13 candidates reviewed. 5 made the cut.
Three unrelated projects shipped containment mechanisms this week — sandboxing, credential isolation, pre-execution validation. The field isn't just building agents anymore; it's building the guardrails around them.
Top Signal
shuru — a microVM sandbox for running AI agents safely on macOS
The security model for most agent systems right now is "hope the model doesn't do anything stupid." shuru is a different bet.

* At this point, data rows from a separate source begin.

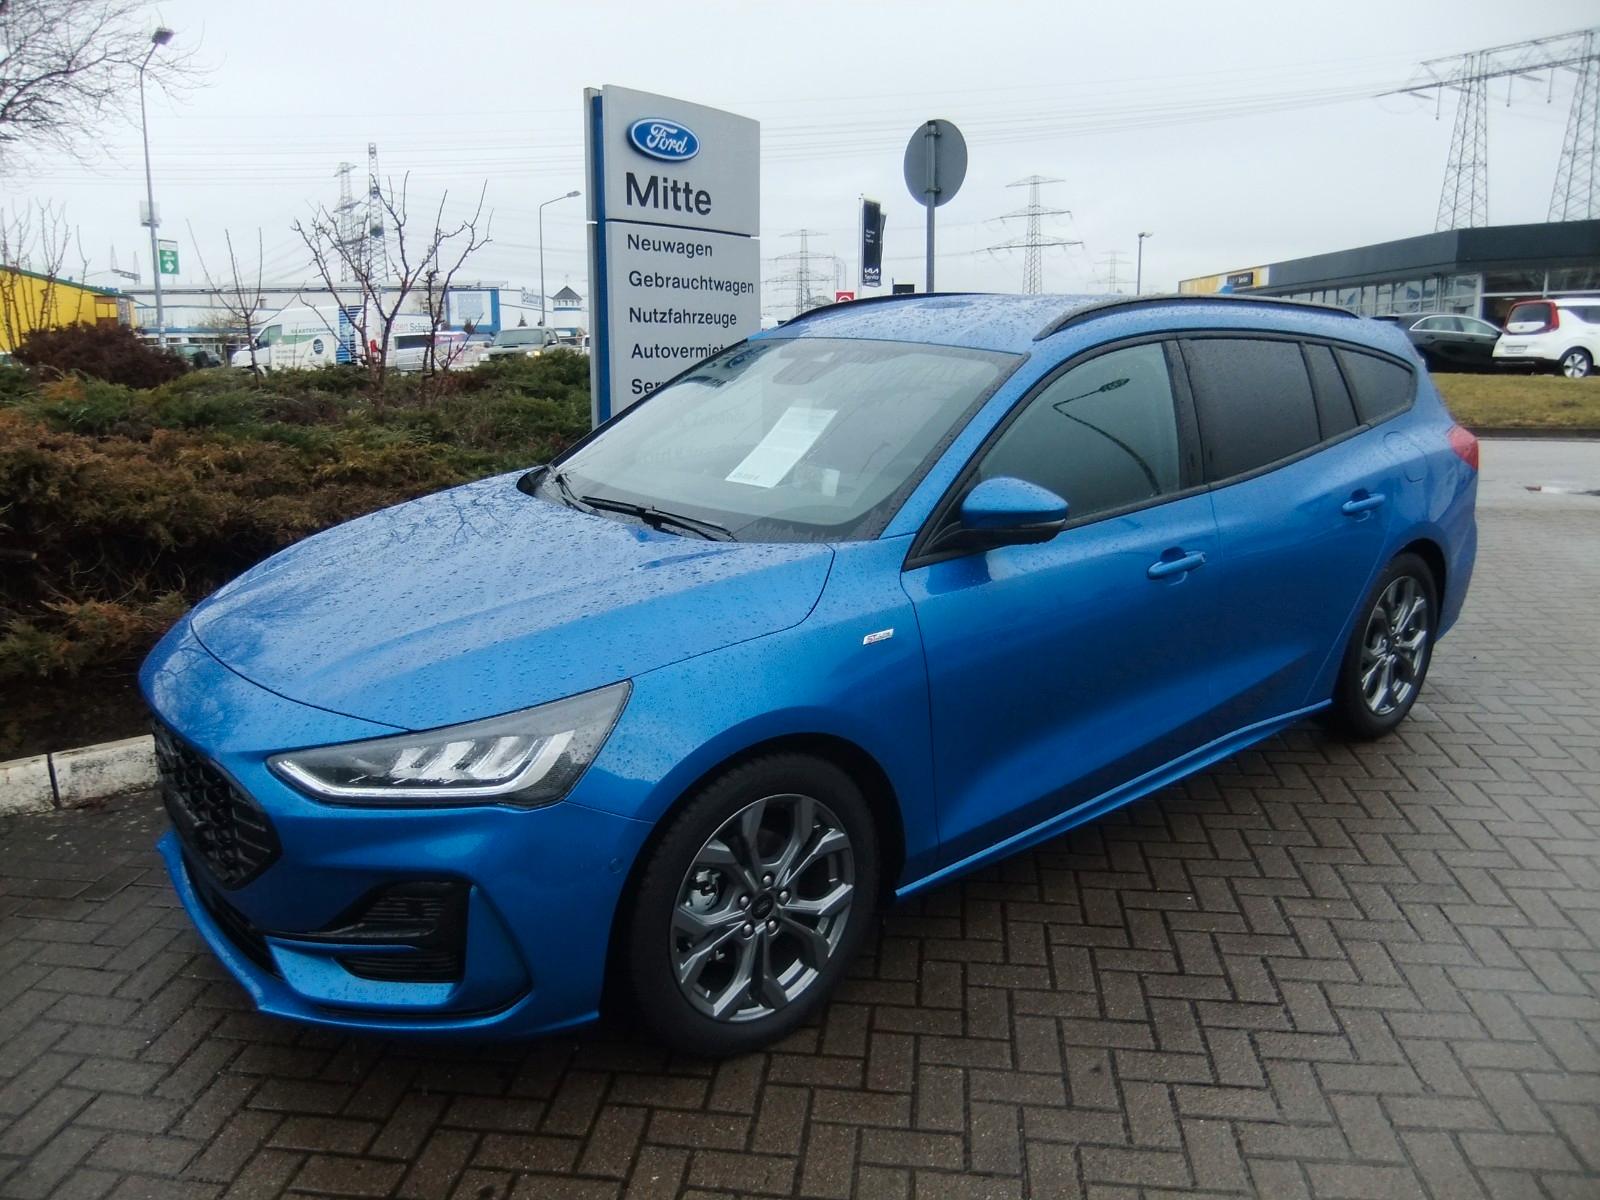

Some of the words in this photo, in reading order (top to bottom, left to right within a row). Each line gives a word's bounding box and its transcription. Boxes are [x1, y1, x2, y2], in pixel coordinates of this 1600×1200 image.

[646, 123, 689, 154] Ford
[625, 171, 712, 216] Mitte
[627, 233, 713, 258] Neuwagen
[628, 270, 754, 296] Gebrauchtwagen
[629, 306, 737, 328] Nutzfahrzeuge
[631, 378, 664, 395] Ser

It runs each agent inside a lightweight microVM — isolated execution environment, no access to your filesystem or network unless you explicitly grant it. Written in Rust. Local-first, no cloud dependency. You spin up an agent, it gets a VM, it can't escape unless you hand it a capability.
387 stars in 7 days. More importantly, the architecture is credible — the README describes capability-based permissions: agents get exactly the I/O they need, nothing more. This is how you'd design it if you were thinking about it seriously.
The gap this fills: E2B handles cloud agent sandboxing well, but there's been nothing for local macOS development. If you're prototyping agents on your laptop that touch your filesystem, run shell commands, or have credentials in scope — you've been running them with full host access. shuru changes that calculus.
It's early. But the concept is right, and someone was going to build this. The team that builds it first and gets the capability model right will own a real piece of the agent infrastructure stack.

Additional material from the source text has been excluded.